• [YOUR INSTRUCTIONS]: Your task is to transcribe the records exactly, skipping every image.

Saved data entries:

##########

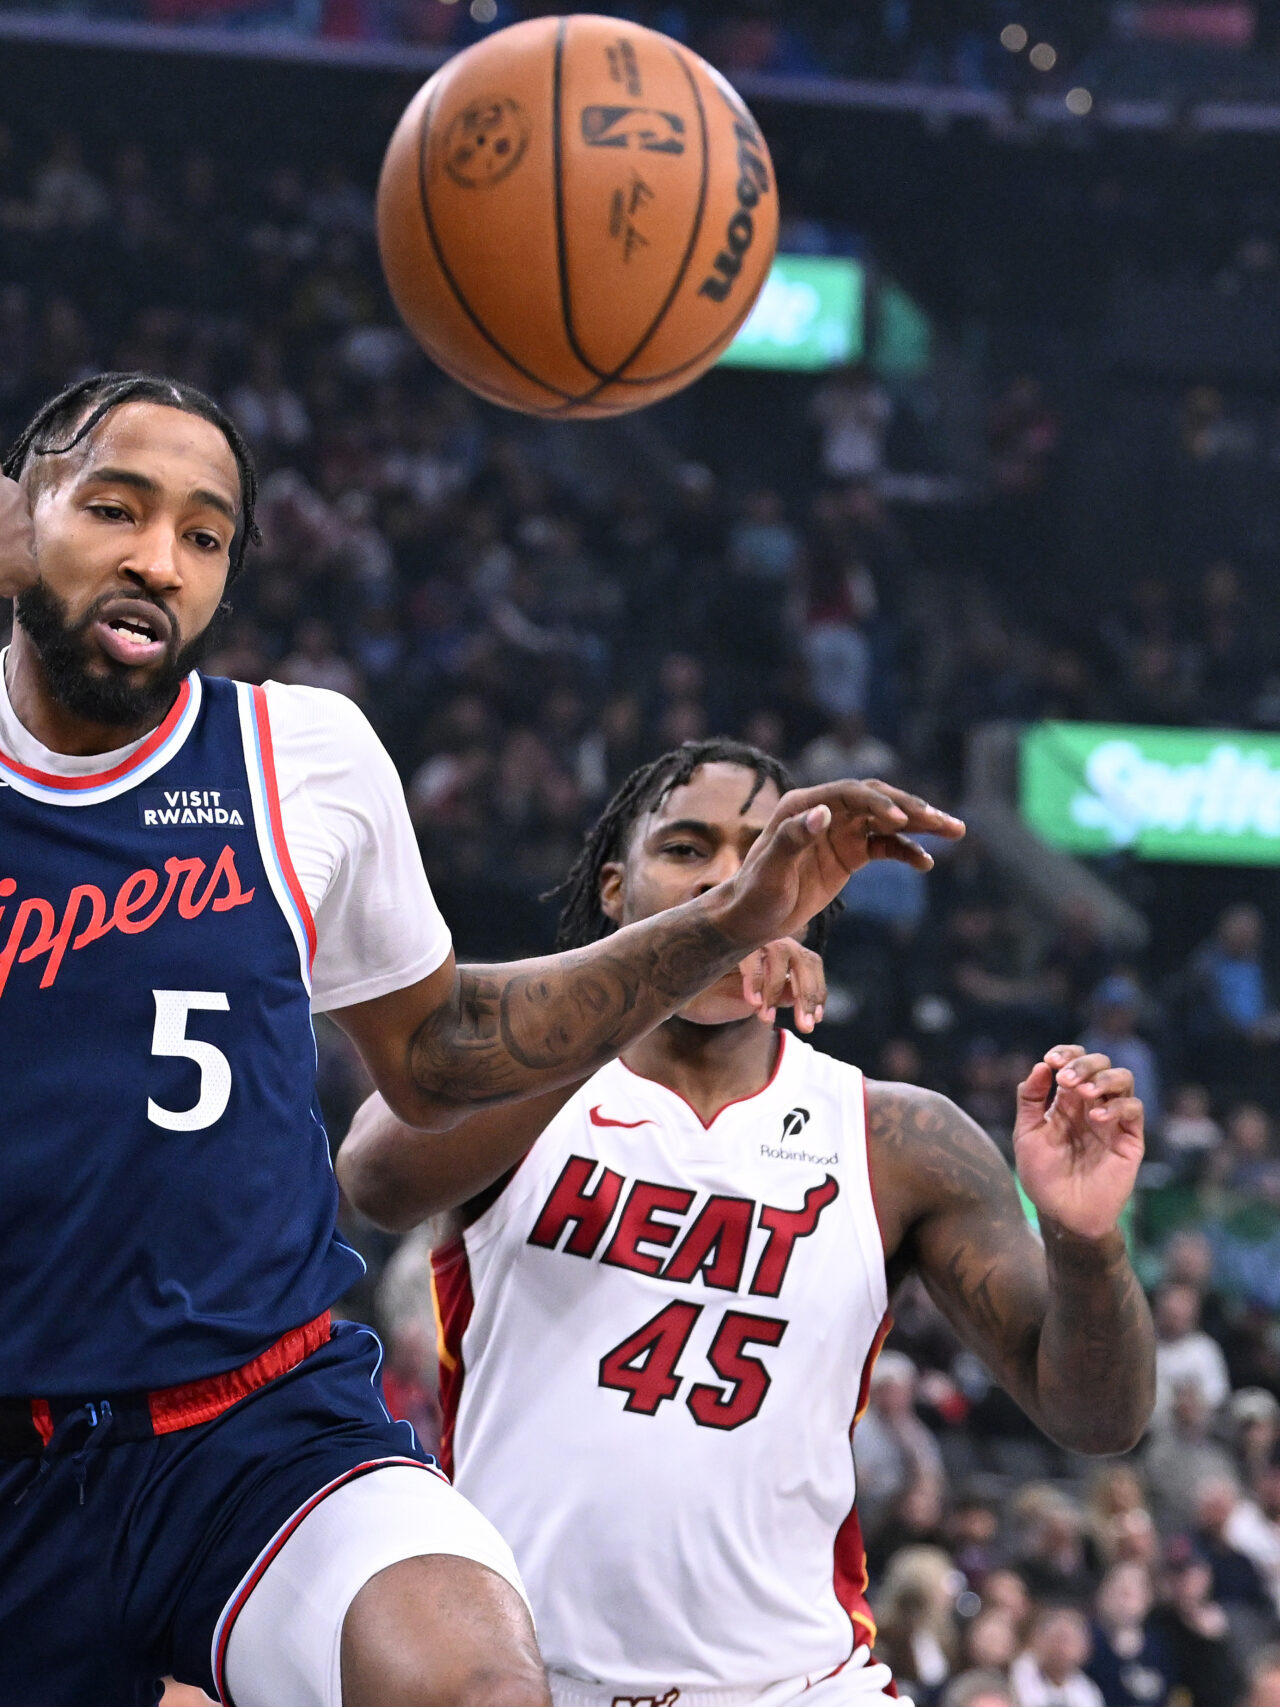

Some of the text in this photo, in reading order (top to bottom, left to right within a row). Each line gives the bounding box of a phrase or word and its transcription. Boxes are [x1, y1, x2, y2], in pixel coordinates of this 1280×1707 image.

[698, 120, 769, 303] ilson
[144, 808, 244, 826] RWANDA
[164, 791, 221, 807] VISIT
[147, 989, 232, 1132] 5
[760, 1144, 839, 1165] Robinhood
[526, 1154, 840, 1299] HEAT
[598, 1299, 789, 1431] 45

##########

• [WRITTEN SOLUTION]:
Some of the text in this photo, in reading order (top to bottom, left to right within a row). Each line gives the bounding box of a phrase or word and its transcription. Boxes are [x1, y1, x2, y2], in pixel coordinates of this 1280×1707 image.

[698, 120, 769, 303] ilson
[144, 808, 244, 826] RWANDA
[164, 791, 221, 807] VISIT
[147, 989, 232, 1132] 5
[760, 1144, 839, 1165] Robinhood
[526, 1154, 840, 1299] HEAT
[598, 1299, 789, 1431] 45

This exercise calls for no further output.